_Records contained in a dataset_

=== Begin Enclosure ===

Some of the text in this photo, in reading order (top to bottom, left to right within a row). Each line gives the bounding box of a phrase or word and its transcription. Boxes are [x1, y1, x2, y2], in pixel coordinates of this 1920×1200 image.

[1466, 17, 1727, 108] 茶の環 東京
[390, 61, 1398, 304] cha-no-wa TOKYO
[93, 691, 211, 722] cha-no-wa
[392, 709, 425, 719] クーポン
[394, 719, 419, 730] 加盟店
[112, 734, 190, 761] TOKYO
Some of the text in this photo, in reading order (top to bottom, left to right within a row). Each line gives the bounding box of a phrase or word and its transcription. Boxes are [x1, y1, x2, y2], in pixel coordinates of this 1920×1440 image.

=== End Enclosure ===
=== Begin Enclosure ===

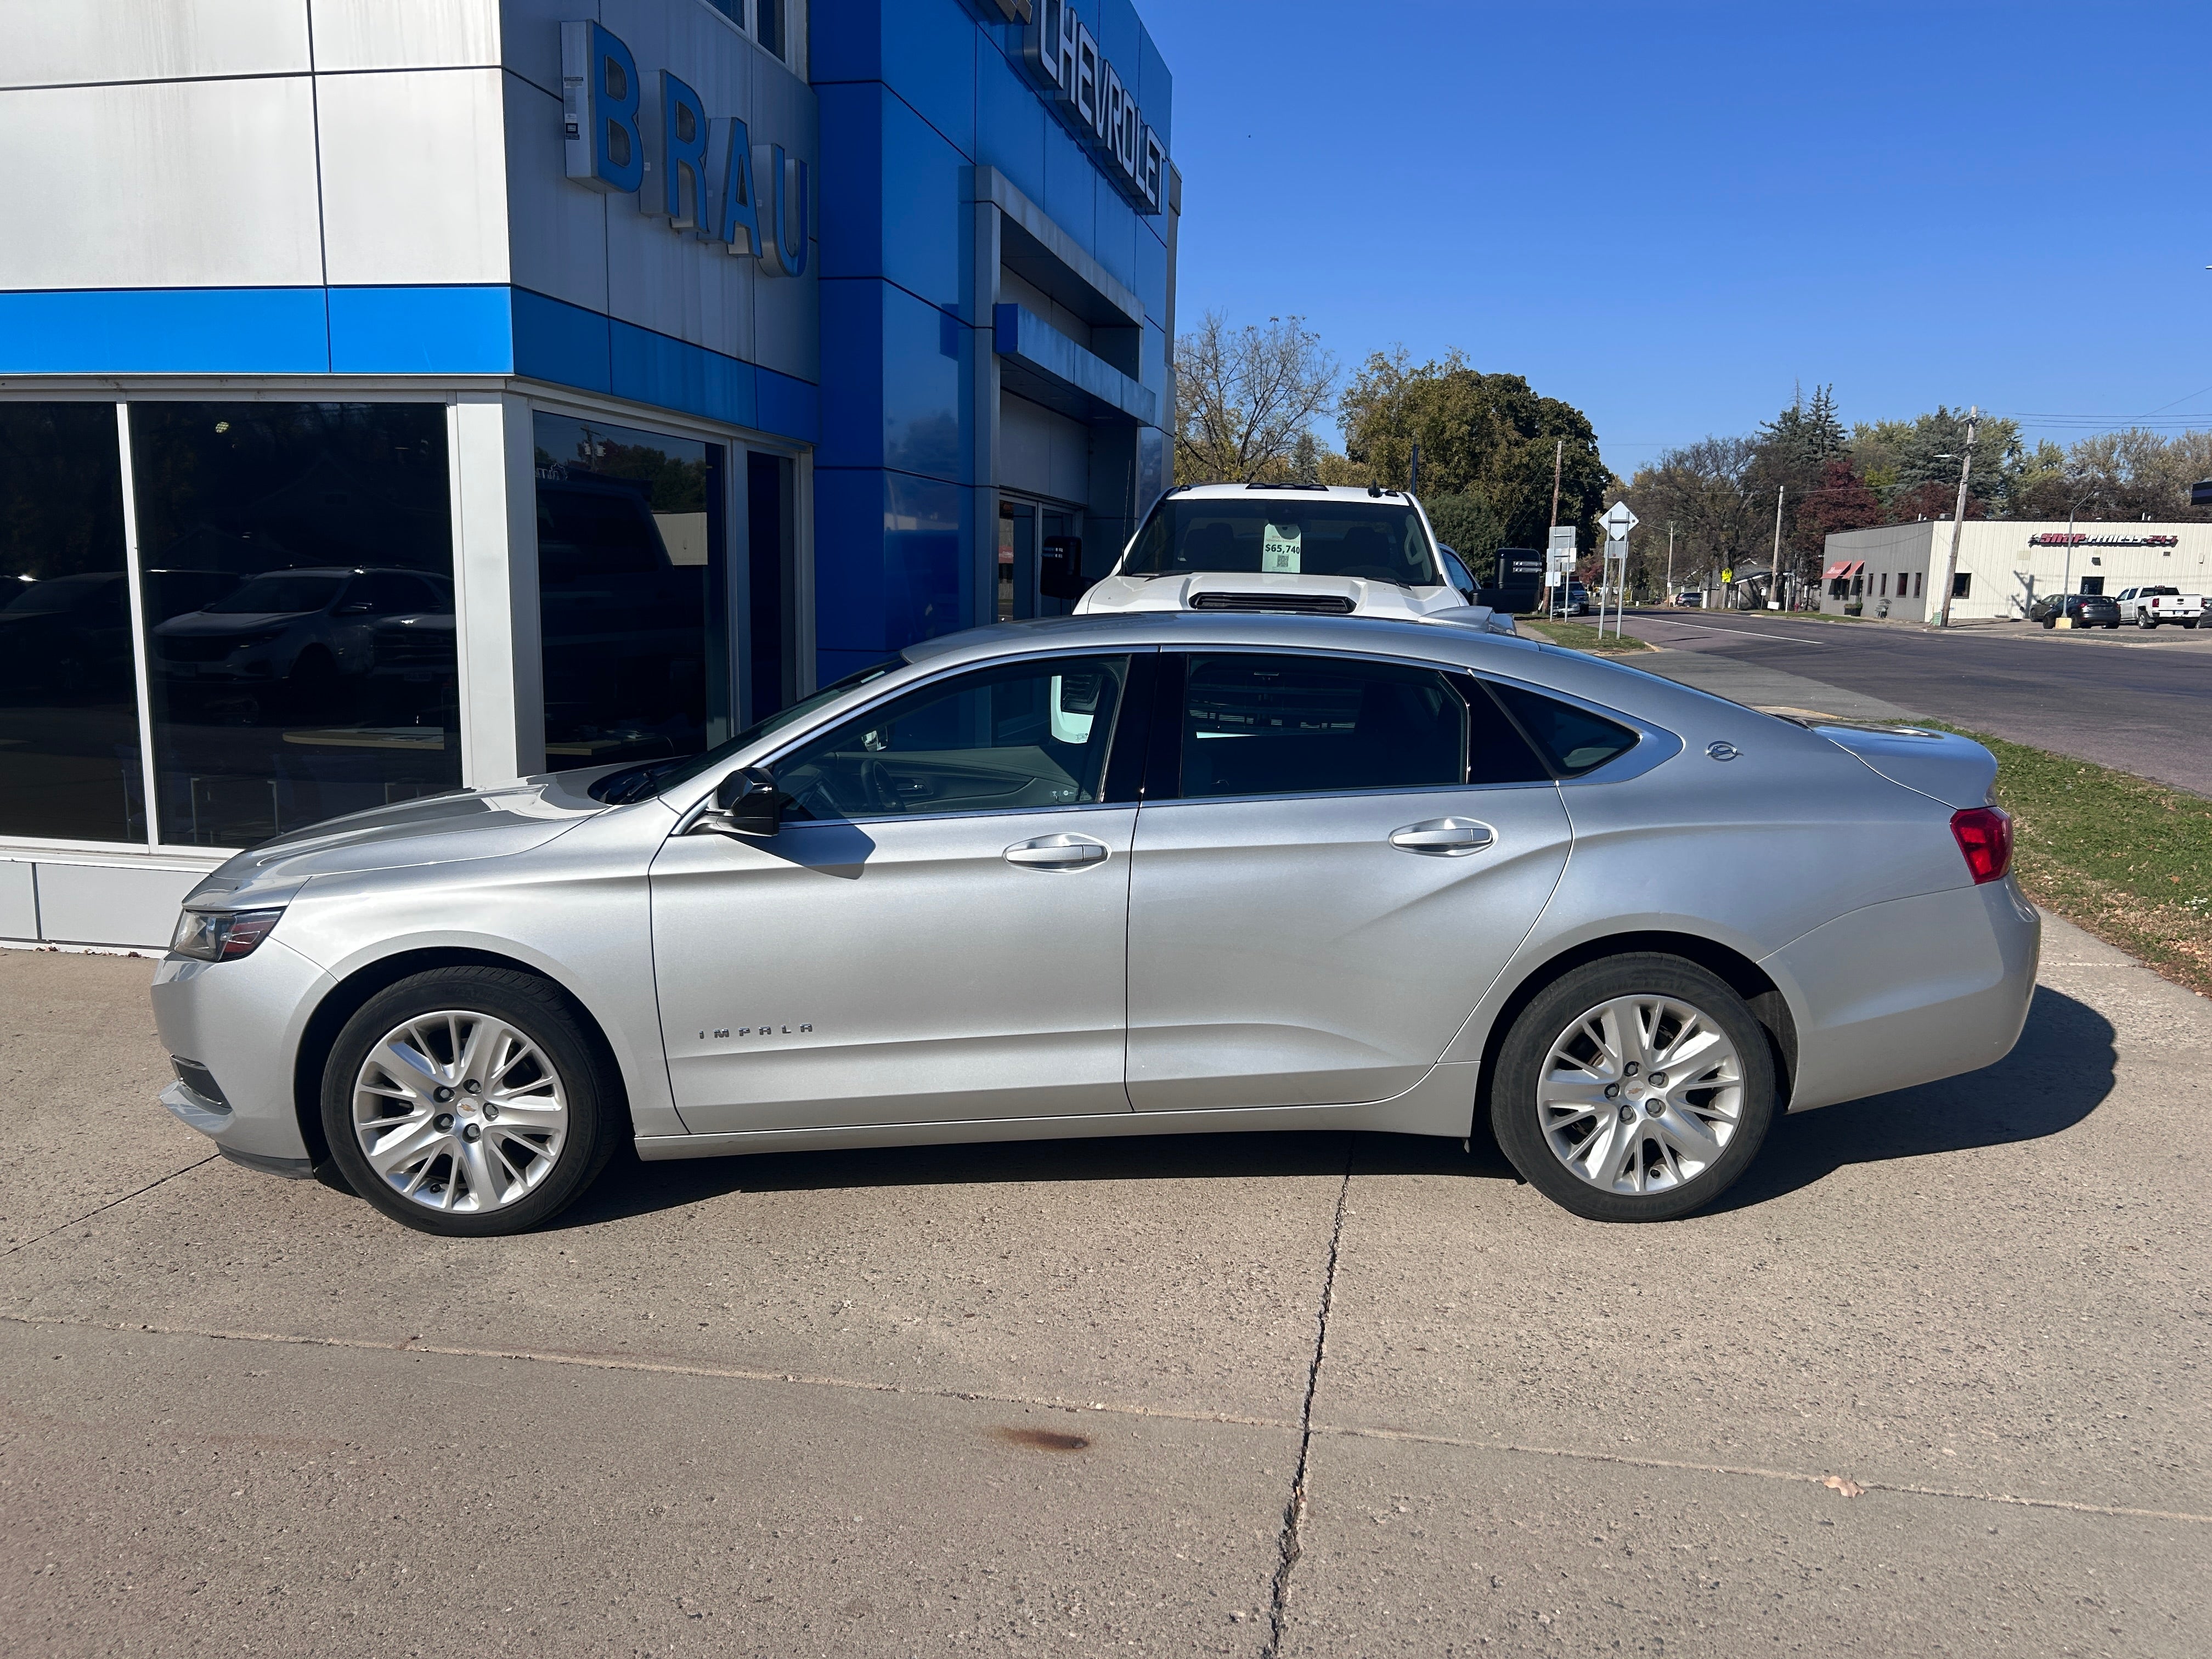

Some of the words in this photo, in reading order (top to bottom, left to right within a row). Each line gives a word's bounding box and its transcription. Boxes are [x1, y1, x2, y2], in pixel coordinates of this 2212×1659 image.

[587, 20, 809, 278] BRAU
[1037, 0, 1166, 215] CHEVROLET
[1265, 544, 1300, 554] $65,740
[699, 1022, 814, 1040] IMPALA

=== End Enclosure ===

_What the task requires_
Would you copy out exactly the lines above that start at the one containing "this 1920×1200 image." and end at the one containing "this 1920×1440 image.", inclusive?

_Result of this task_
Some of the text in this photo, in reading order (top to bottom, left to right within a row). Each line gives the bounding box of a phrase or word and its transcription. Boxes are [x1, y1, x2, y2], in pixel coordinates of this 1920×1200 image.

[1466, 17, 1727, 108] 茶の環 東京
[390, 61, 1398, 304] cha-no-wa TOKYO
[93, 691, 211, 722] cha-no-wa
[392, 709, 425, 719] クーポン
[394, 719, 419, 730] 加盟店
[112, 734, 190, 761] TOKYO
Some of the text in this photo, in reading order (top to bottom, left to right within a row). Each line gives the bounding box of a phrase or word and its transcription. Boxes are [x1, y1, x2, y2], in pixel coordinates of this 1920×1440 image.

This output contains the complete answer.